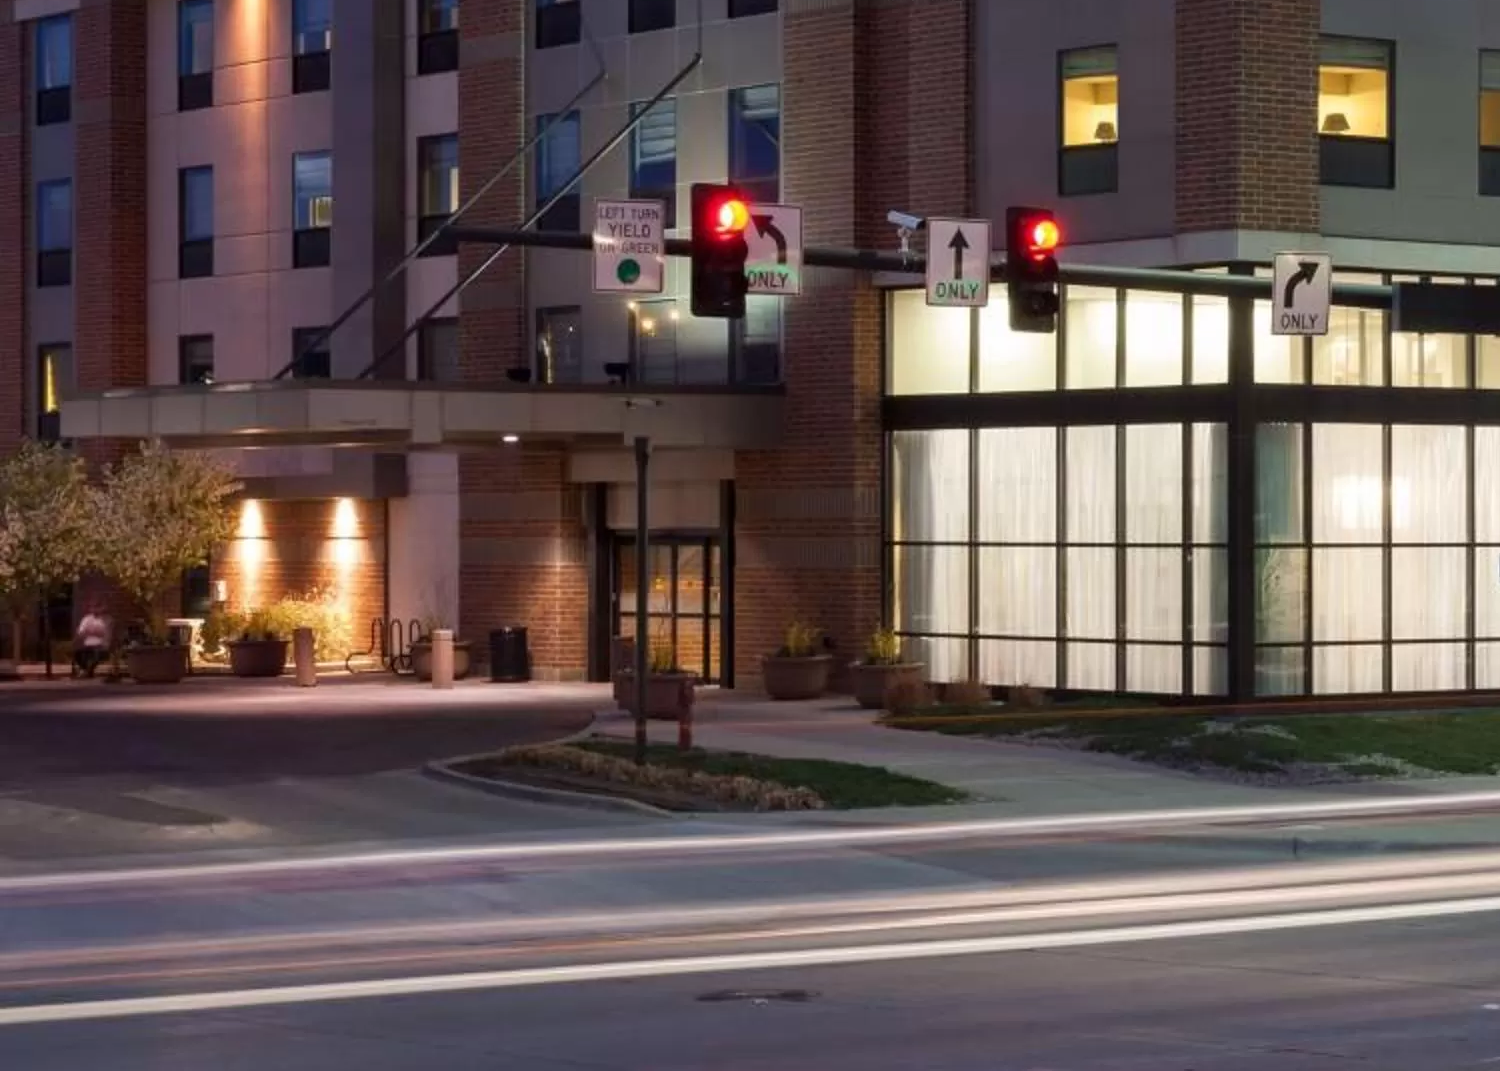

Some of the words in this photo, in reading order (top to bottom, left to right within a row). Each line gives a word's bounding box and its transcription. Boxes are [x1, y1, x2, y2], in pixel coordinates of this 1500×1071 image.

[599, 206, 626, 220] LEFT
[630, 207, 659, 221] TURN
[607, 224, 651, 238] YIELD
[600, 242, 616, 253] ON
[621, 242, 659, 254] GREEN
[747, 270, 789, 289] ONLY
[936, 282, 979, 300] ONLY
[1280, 313, 1319, 330] ONLY
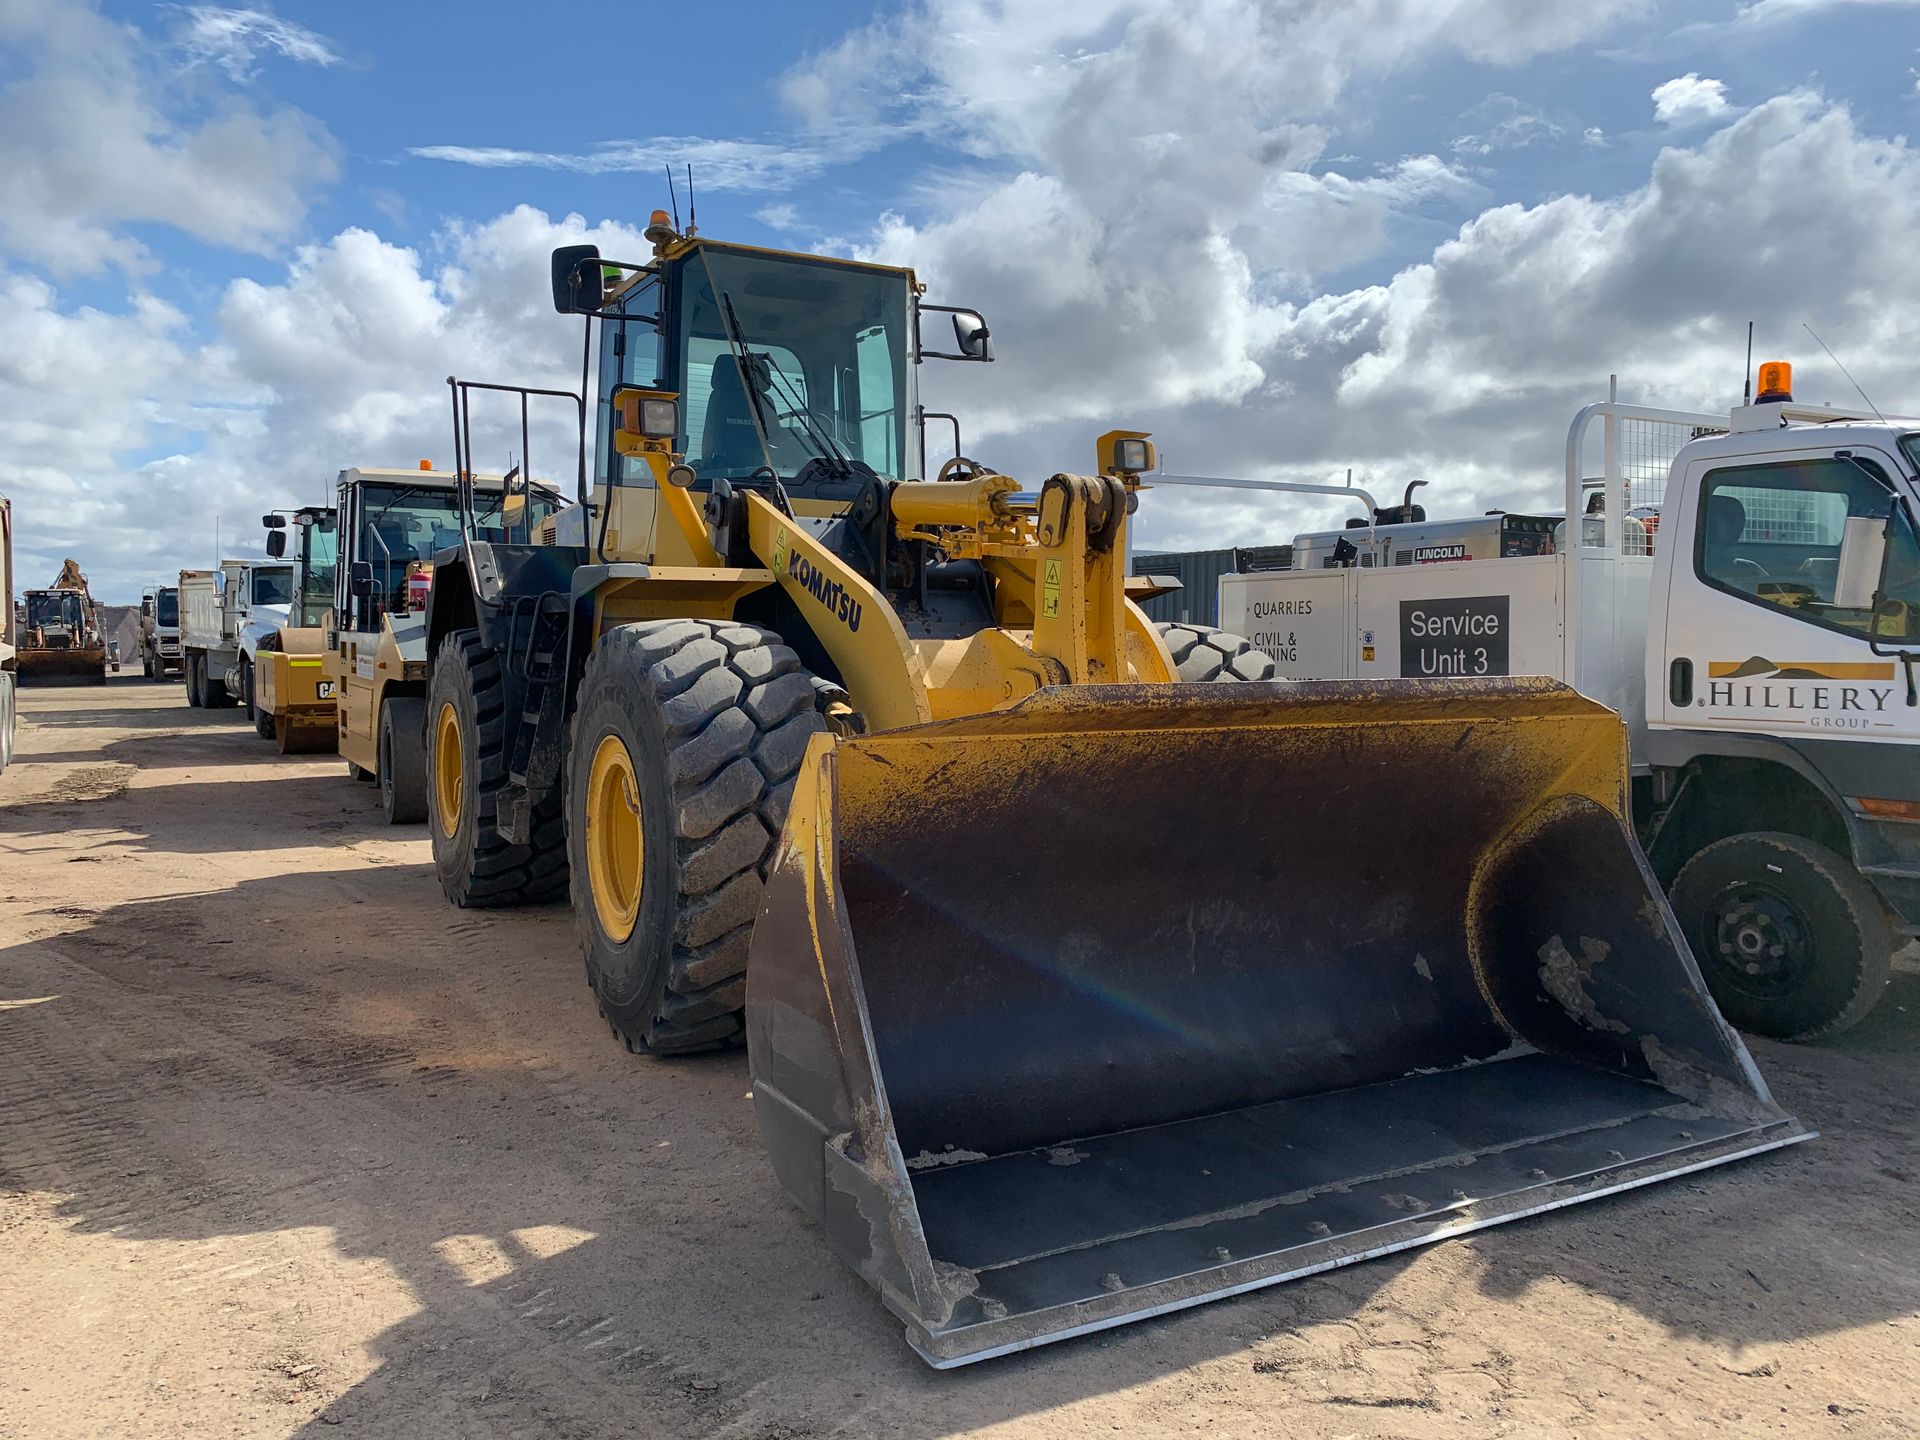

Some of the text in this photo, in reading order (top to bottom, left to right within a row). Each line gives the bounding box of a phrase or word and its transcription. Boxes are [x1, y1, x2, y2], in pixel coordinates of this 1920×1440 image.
• • • • •
_Action item:_
Repeat the data word for word; drop the pictures.

_Exercise answer:_
Some of the words in this photo, in reading order (top to bottom, left to right within a row). Each line gives a word's bounding box and its transcription. Boxes are [x1, y1, x2, y2], in pixel coordinates of this 1500×1071 image.

[599, 206, 626, 220] LEFT
[630, 207, 659, 221] TURN
[607, 224, 651, 238] YIELD
[600, 242, 616, 253] ON
[621, 242, 659, 254] GREEN
[747, 270, 789, 289] ONLY
[936, 282, 979, 300] ONLY
[1280, 313, 1319, 330] ONLY

Some of the text in this photo, in reading order (top to bottom, left to right within a row). Each line gives the bounding box of a phrase or word and its transcription. Boxes are [x1, y1, x2, y2], in pixel coordinates of this 1920×1440 image.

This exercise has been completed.